START RECORDS SHOWN

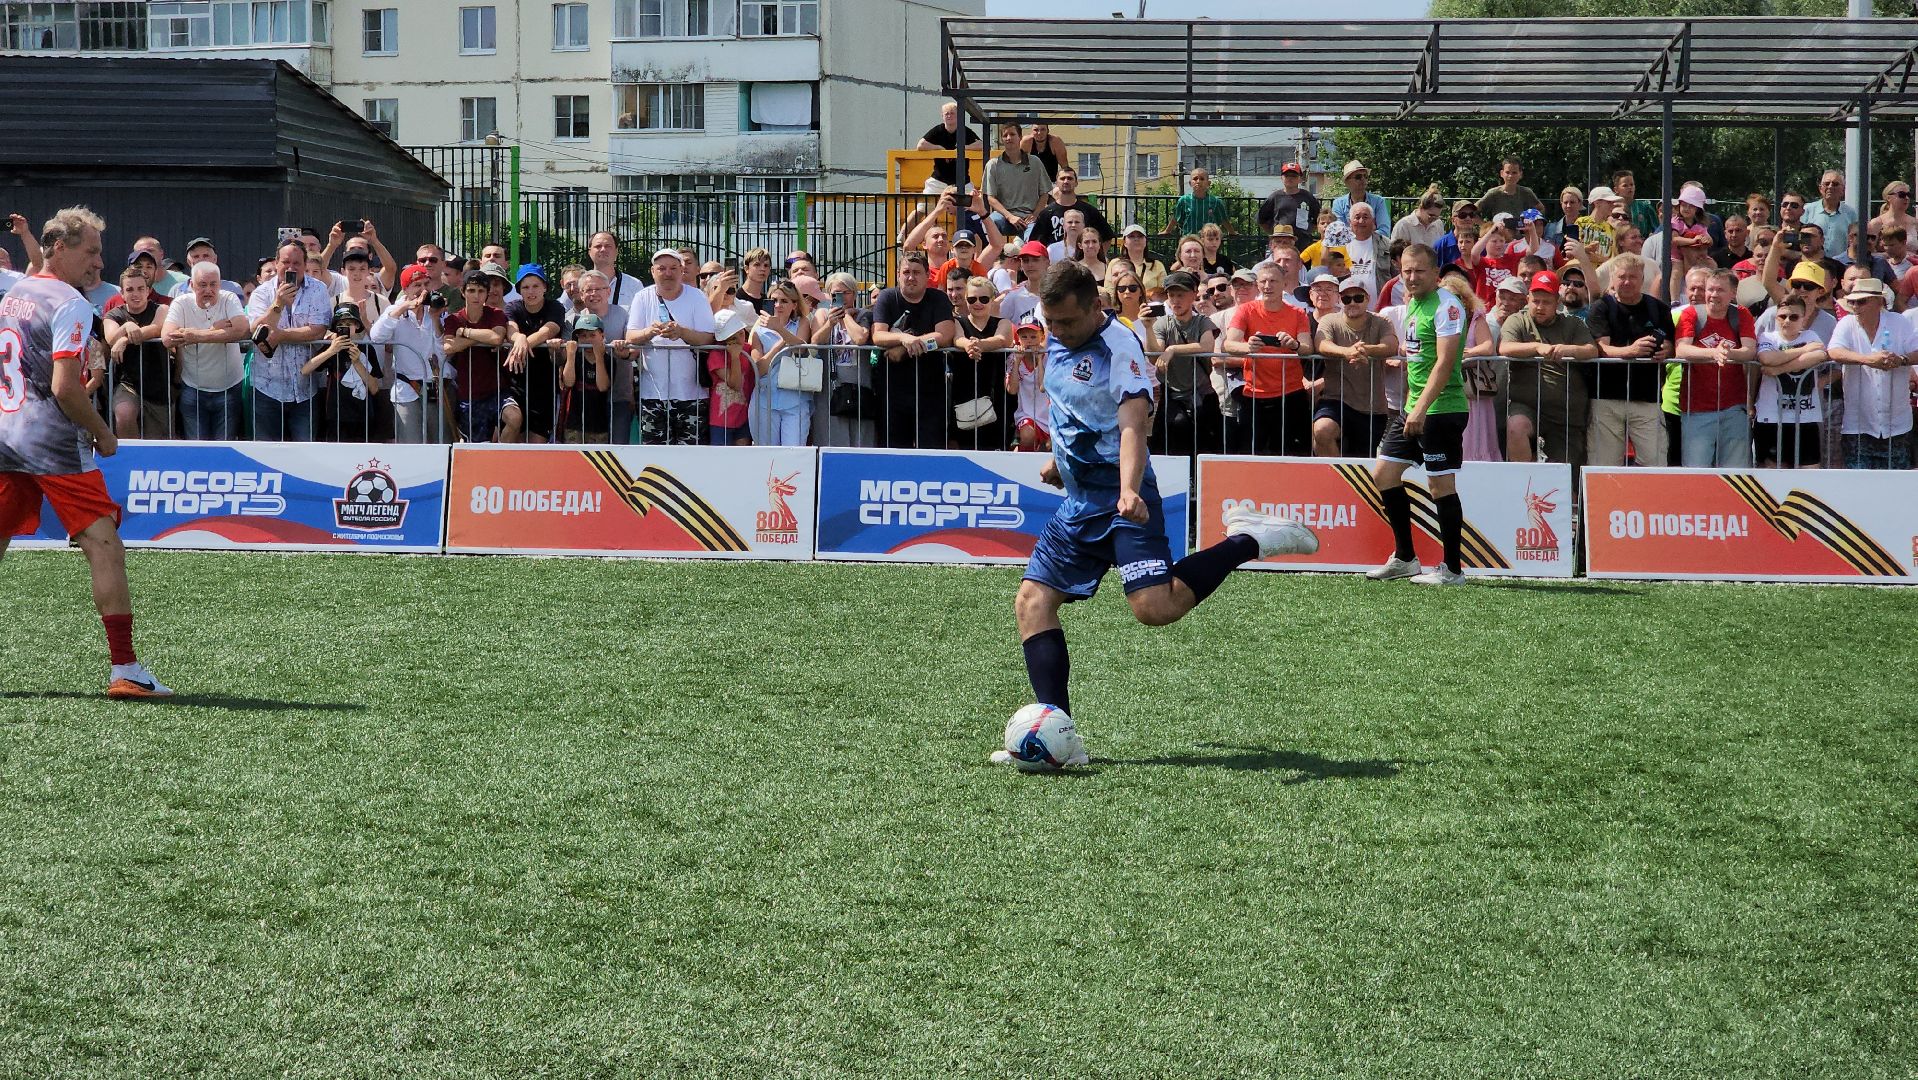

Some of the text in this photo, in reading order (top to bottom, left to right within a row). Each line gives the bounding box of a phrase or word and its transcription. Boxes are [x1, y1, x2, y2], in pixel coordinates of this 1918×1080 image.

[128, 470, 283, 494] МОСОБЛ
[860, 479, 1020, 505] МОСОБЛ
[127, 493, 249, 515] СПОРТ
[341, 504, 399, 516] МАТЧ ЛЕГЕНД
[470, 486, 602, 516] 80 ПОБЕДА!
[756, 511, 780, 530] 80
[859, 503, 985, 528] СПОРТ
[1609, 510, 1748, 540] 80 ПОБЕДА!
[755, 533, 799, 545] ПОБЕДА!
[1516, 527, 1539, 548] 80
[1516, 551, 1559, 562] ПОБЕДА!
[1121, 567, 1156, 584] ПОРТ

END RECORDS SHOWN

## AIM OF THE EXERCISE
The result should be an exact retyped version of all the entries above, containing no pictures.

## OUTPUT OF THE TASK
Some of the text in this photo, in reading order (top to bottom, left to right within a row). Each line gives the bounding box of a phrase or word and its transcription. Boxes are [x1, y1, x2, y2], in pixel coordinates of this 1918×1080 image.

[128, 470, 283, 494] МОСОБЛ
[860, 479, 1020, 505] МОСОБЛ
[127, 493, 249, 515] СПОРТ
[341, 504, 399, 516] МАТЧ ЛЕГЕНД
[470, 486, 602, 516] 80 ПОБЕДА!
[756, 511, 780, 530] 80
[859, 503, 985, 528] СПОРТ
[1609, 510, 1748, 540] 80 ПОБЕДА!
[755, 533, 799, 545] ПОБЕДА!
[1516, 527, 1539, 548] 80
[1516, 551, 1559, 562] ПОБЕДА!
[1121, 567, 1156, 584] ПОРТ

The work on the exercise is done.